Fujifilm X-T1 (16mp) – Mirrorless camera with great transmission of H-Alpha wavelengths. Mostly used for travel and timelapses.

Nikon D7000 (16mp) – Now old but has an excellent 16mp Sony sensor. Bought new in 2013, now an absolute bargain second hand.

Nikon D70 (6mp) – Bought in 2004 and recently converted to infra-red.

Mounts & Tripods

AstroTrac TT320X-AG – Motorised tracking mount with autoguiding option. Very precise, can handle upto 10kg payloads.

Barn door tracker – Used to track the stars and prevent star trails. View the barn door tracker website for more info and a full build guide.

Three Legged Thing ‘Dave’ – Heavy duty photography tripod with sturdy construction to help minimise vibration.

Filters & other equipment

Optolong L-eNhance filter – Modern dual-band and tri-band narrowband filters have transformed the notion of what’s possible to capture from light polluted skies. As the name implies, the L-eNhance filter massively enhances contrast in images of emission nebulae, although it does not work with broadband targets such as galaxies and comets.

Kenko didymium filter – Red intensifier for reducing light pollution and enhancing nebulas. I made a page with more info and tests with the didymium filters.

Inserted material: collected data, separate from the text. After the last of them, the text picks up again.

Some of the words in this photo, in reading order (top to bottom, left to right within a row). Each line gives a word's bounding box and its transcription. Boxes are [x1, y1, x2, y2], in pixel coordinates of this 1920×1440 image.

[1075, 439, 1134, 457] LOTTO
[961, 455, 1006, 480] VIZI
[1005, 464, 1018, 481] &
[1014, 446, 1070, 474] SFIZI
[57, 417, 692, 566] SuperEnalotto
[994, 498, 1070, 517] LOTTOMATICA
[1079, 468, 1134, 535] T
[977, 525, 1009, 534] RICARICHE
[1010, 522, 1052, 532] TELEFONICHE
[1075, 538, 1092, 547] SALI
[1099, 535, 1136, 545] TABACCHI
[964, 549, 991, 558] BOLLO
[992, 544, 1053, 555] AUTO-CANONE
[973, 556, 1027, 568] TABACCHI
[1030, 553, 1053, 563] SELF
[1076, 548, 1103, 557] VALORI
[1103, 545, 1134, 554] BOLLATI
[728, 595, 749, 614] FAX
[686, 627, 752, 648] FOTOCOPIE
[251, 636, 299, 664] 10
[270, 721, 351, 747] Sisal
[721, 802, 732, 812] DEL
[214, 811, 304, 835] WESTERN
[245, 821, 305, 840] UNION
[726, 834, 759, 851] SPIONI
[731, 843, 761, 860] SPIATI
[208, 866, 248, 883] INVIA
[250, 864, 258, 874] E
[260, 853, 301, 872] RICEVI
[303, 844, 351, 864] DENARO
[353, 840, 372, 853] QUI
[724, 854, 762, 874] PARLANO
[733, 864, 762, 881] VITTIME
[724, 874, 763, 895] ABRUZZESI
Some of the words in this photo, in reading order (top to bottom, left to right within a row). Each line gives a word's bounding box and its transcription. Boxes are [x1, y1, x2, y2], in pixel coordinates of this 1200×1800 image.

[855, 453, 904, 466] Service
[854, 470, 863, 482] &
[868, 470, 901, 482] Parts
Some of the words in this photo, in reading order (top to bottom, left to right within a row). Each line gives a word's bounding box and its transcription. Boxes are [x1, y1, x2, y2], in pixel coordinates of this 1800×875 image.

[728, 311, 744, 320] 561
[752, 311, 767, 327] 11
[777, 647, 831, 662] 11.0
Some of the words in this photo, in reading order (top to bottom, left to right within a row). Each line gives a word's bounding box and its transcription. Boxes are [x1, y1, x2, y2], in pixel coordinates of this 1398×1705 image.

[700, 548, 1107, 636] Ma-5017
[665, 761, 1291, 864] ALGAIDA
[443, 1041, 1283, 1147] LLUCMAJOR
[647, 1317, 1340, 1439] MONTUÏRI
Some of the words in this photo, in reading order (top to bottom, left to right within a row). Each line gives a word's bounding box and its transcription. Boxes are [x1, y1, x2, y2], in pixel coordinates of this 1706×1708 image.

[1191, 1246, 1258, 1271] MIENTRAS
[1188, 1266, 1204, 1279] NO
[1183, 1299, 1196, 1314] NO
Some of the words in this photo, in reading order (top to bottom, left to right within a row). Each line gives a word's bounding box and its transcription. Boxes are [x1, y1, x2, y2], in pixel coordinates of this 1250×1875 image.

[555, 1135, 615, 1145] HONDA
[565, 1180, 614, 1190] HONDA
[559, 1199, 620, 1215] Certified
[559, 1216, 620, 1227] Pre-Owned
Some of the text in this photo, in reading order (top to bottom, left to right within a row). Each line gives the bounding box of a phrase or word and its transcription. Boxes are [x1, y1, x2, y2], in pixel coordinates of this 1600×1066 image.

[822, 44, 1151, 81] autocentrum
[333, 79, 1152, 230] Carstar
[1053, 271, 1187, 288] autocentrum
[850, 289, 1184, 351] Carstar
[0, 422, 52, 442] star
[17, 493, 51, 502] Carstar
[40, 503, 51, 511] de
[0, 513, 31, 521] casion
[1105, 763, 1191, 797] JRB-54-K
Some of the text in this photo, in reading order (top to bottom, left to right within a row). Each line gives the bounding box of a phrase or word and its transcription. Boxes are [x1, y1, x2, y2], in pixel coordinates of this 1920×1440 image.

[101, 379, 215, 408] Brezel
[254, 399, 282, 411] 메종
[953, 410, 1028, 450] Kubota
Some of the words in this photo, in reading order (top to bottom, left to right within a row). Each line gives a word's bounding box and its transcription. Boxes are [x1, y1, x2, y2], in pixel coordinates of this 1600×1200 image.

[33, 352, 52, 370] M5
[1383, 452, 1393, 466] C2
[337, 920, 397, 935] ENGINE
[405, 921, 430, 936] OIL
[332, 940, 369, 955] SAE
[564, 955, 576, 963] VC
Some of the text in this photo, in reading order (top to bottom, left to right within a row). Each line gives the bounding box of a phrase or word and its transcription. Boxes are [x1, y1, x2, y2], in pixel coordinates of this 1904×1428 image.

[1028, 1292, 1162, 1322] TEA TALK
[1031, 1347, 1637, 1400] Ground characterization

Although cheap, this filter is in no way a substitute for a dedicated narrowband filter such as the L-eNhance.

Softon Filter – Filter used to create diffuse images. A great tool for the photography of constellations, bringing out the colour and relative brightness of stars.

Hoya ND400 filter – Cuts down light to lengthen exposure times. Also used for sun shots.

Hama 8 Cross filter – Ancient filter found at the bottom of a drawer. Creates an interesting star cross effect.

Nikon ML-L3 remote release – Needed for exposures longer than 30 seconds. Also reduces camera wobble.

Optolong L-eNhance filter


N.I.N.A. – Phenomenal, fully featured free software for sequencing images and controlling all aspects of imaging sessions.

Deep Sky Stacker – Excellent free software for stacking astro images.

StarNet++ – Free software used to remove stars form an image. Allows easier editing on nebulae without affecting the starfield.

Adobe Photoshop – Used for final post processing of images to get them spot on.

StarStaX – Free software for stacking star trail images and creating time lapse videos.

PhotoLapse – More free software for building time-lapse videos from photo sequences. Quick and easy to use.